PROBLEM REQUIREMENTS: In the copy, include no pictures, but reproduce every record exactly.
* * * * * * * * *
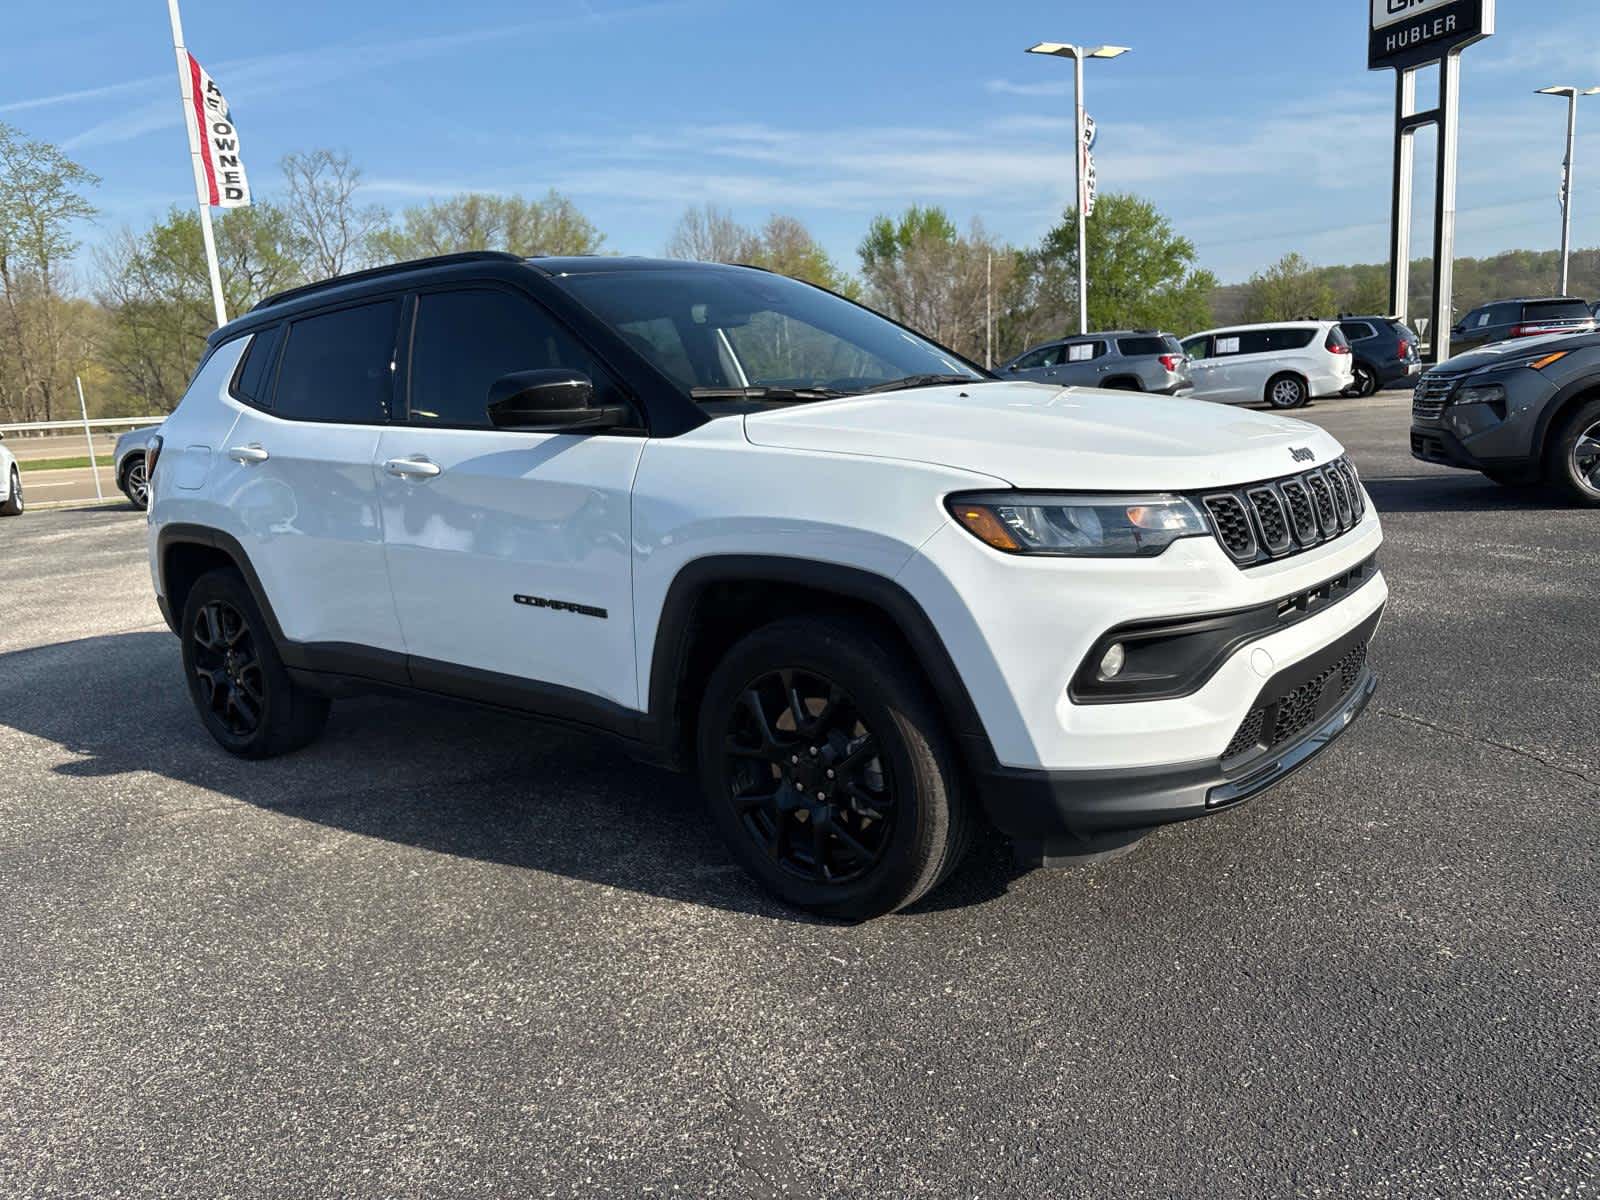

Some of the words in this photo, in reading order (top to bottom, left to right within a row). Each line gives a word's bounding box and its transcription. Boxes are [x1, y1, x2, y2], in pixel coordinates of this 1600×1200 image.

[1386, 14, 1456, 51] HUBLER
[213, 122, 243, 200] OWNED
[1287, 446, 1315, 462] Jeep
[513, 593, 608, 619] COMPASS
* * * * * * * * *
SOLUTION FOR THIS TASK:
Some of the words in this photo, in reading order (top to bottom, left to right within a row). Each line gives a word's bounding box and its transcription. Boxes are [x1, y1, x2, y2], in pixel coordinates of this 1600×1200 image.

[1386, 14, 1456, 51] HUBLER
[213, 122, 243, 200] OWNED
[1287, 446, 1315, 462] Jeep
[513, 593, 608, 619] COMPASS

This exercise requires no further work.